When we surpass our own internal glass ceilings, we discover new, untold potential (Metzora)
Illustrative: Sheep feed on carnations, April 26, 2013. (Abed Rahim Khatib/Flash90)
Illustrative: Sheep feed on carnations, April 26, 2013. (Abed Rahim Khatib/Flash90)

Faking it. A “vague sense of dislocation,” a “recognition of a split” between our “true selves” and the roles we play. You know what I’m talking about.

Faking it[1]. It’s a human inclination, for better or for worse, and when it comes to the commandment of being happy on festivals (“You shall rejoice in your festival…you shall be that happy,”[2]…וְשָׂמַחְתָּ בְּחַגֶּךָ וְהָיִיתָ אַךְ שָׂמֵחַ), the injunction can smart. I mean, really, do you enjoy faking it?

For those who adhere to authenticity and the very same joy that external and internal synchrony can bring to integrity of being, Pesach — or even the canter from Purim to Pesach — is an interesting time.

Pesach invites us to bring our inside to the fore.
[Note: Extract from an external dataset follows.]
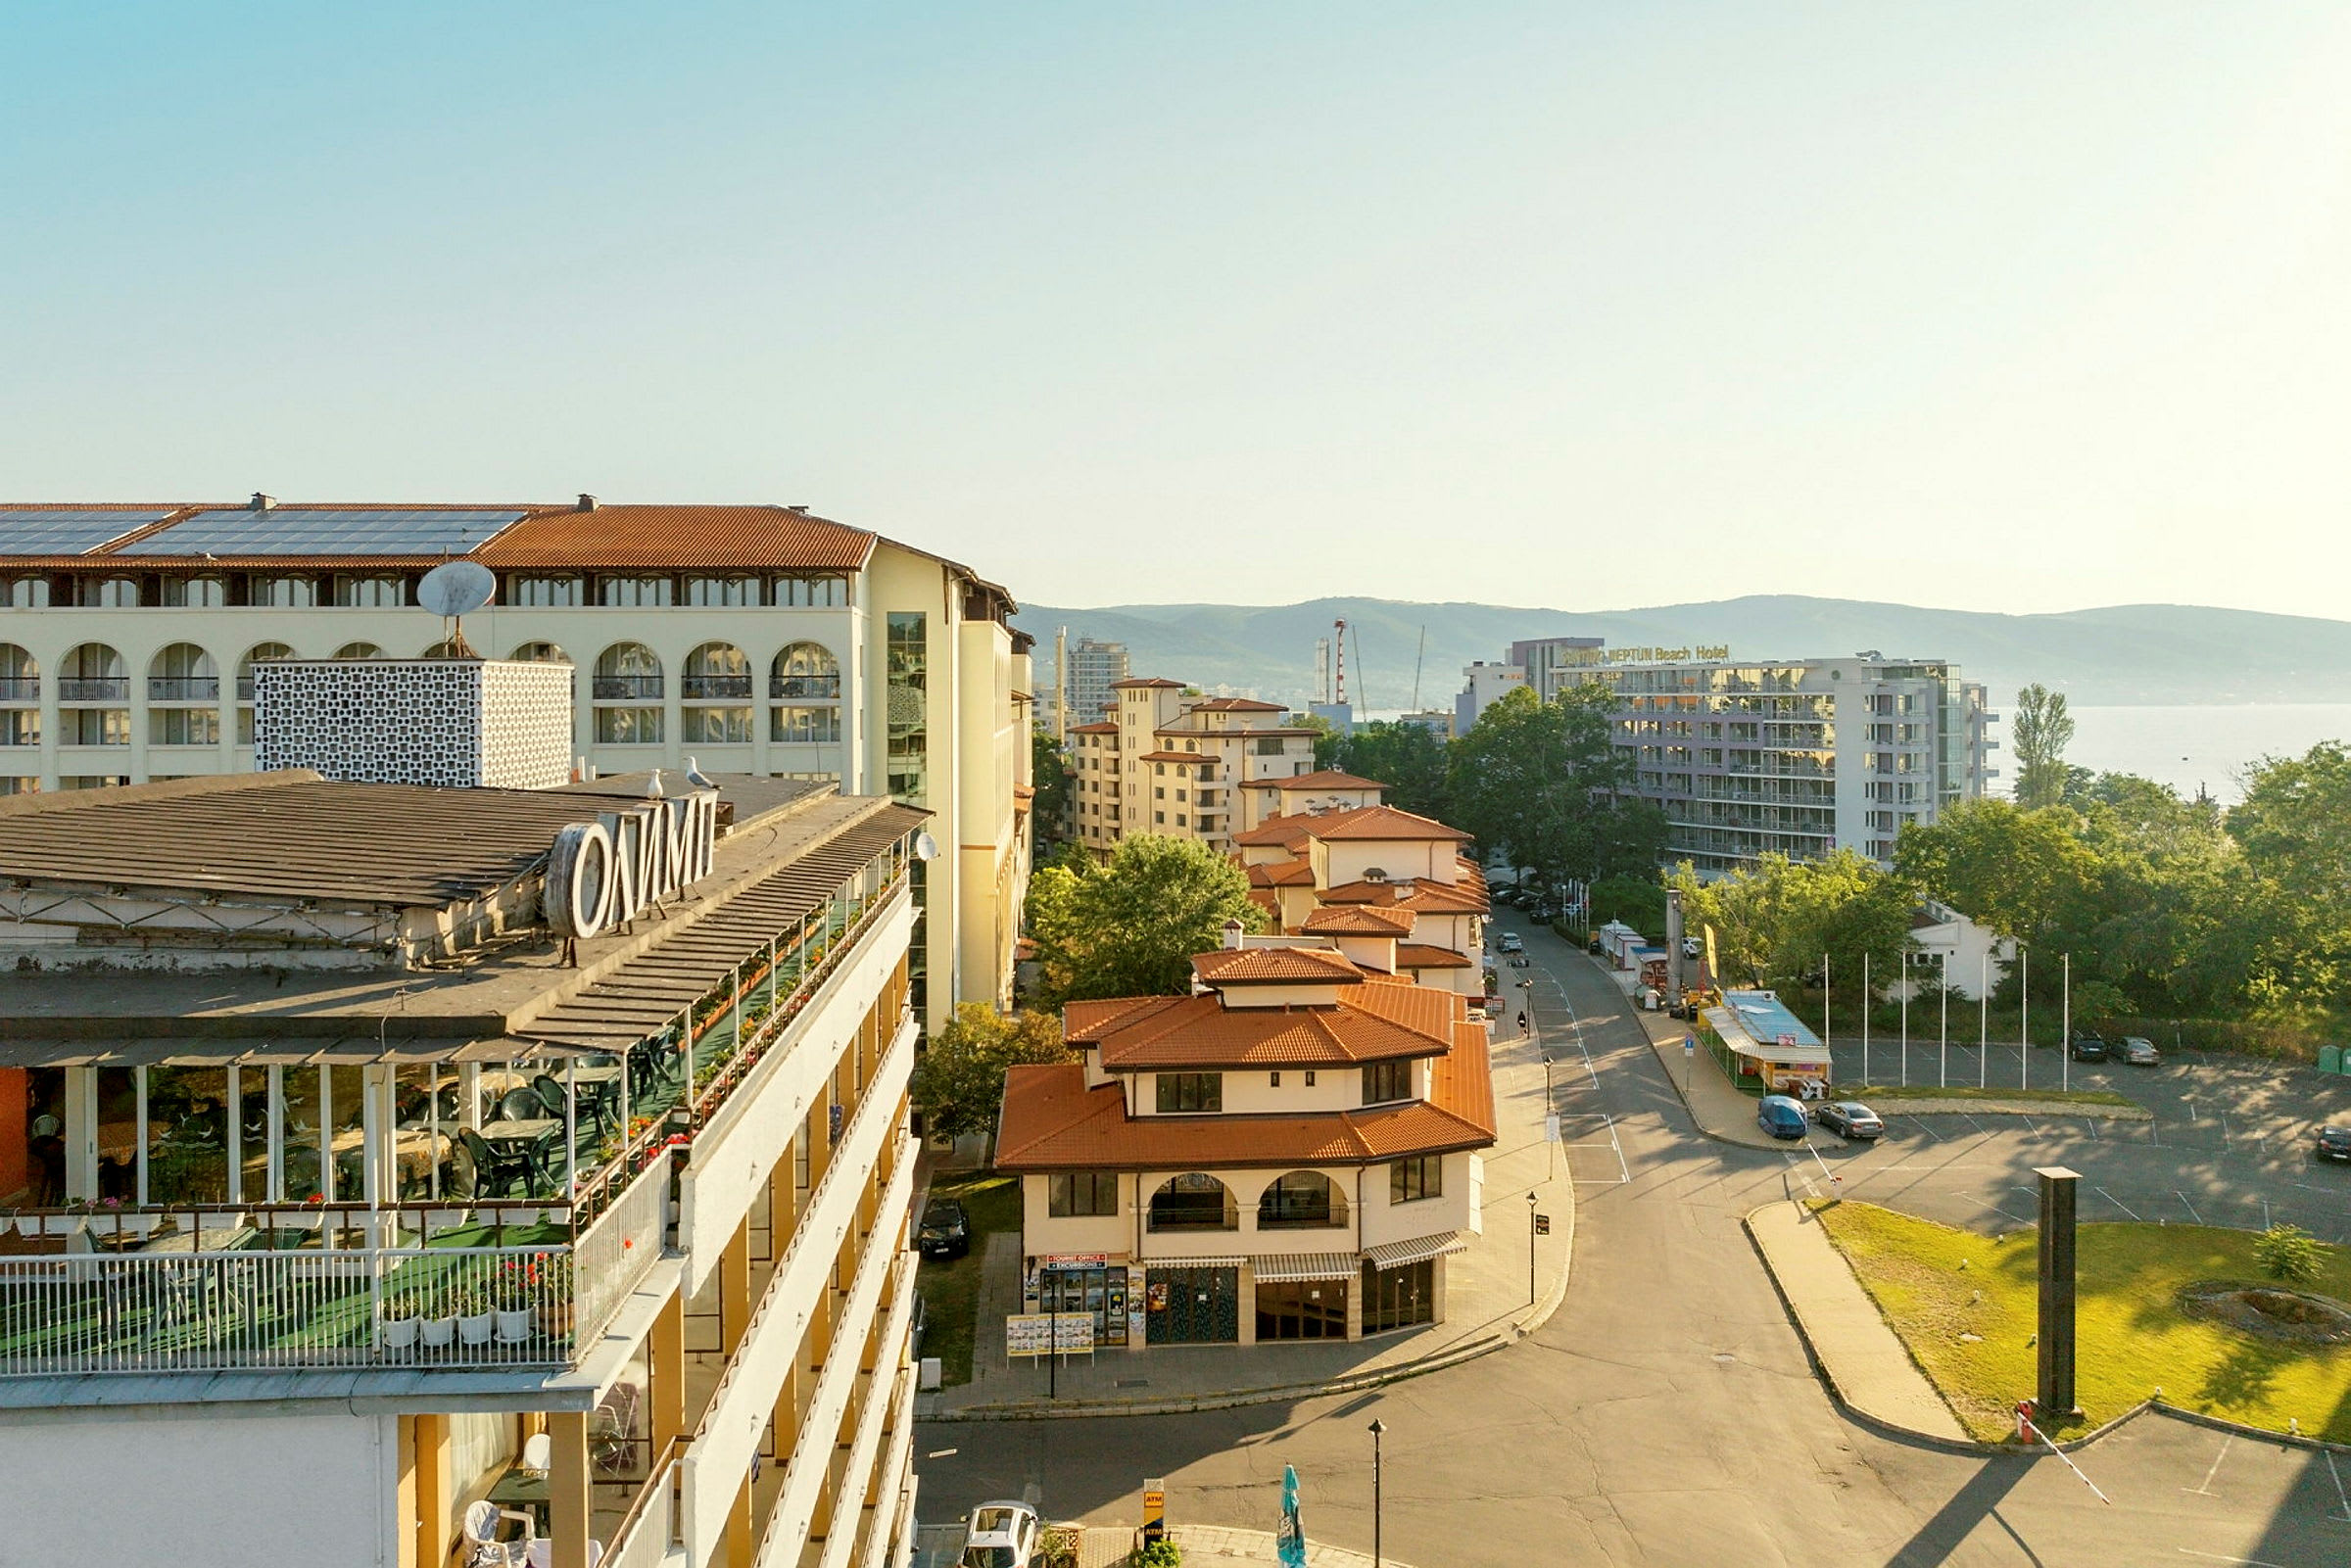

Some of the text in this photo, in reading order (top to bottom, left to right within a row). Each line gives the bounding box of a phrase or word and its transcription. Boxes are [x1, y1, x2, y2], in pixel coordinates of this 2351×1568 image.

Where Purim allowed us to conceive of the masks we wear or want to wear or want to shed, Pesach permits us — facilitates us — in giving birth to our inside experience, creating ourselves anew. Pesach takes “faking it” to a whole new generative level.

This Shabbat, experiencing Parshat Metzora, combined with Shabbat HaGadol, the shabbat before Pesach, offers us a perspective on this inside/outside interplay and readies us to delve into this form of recreation.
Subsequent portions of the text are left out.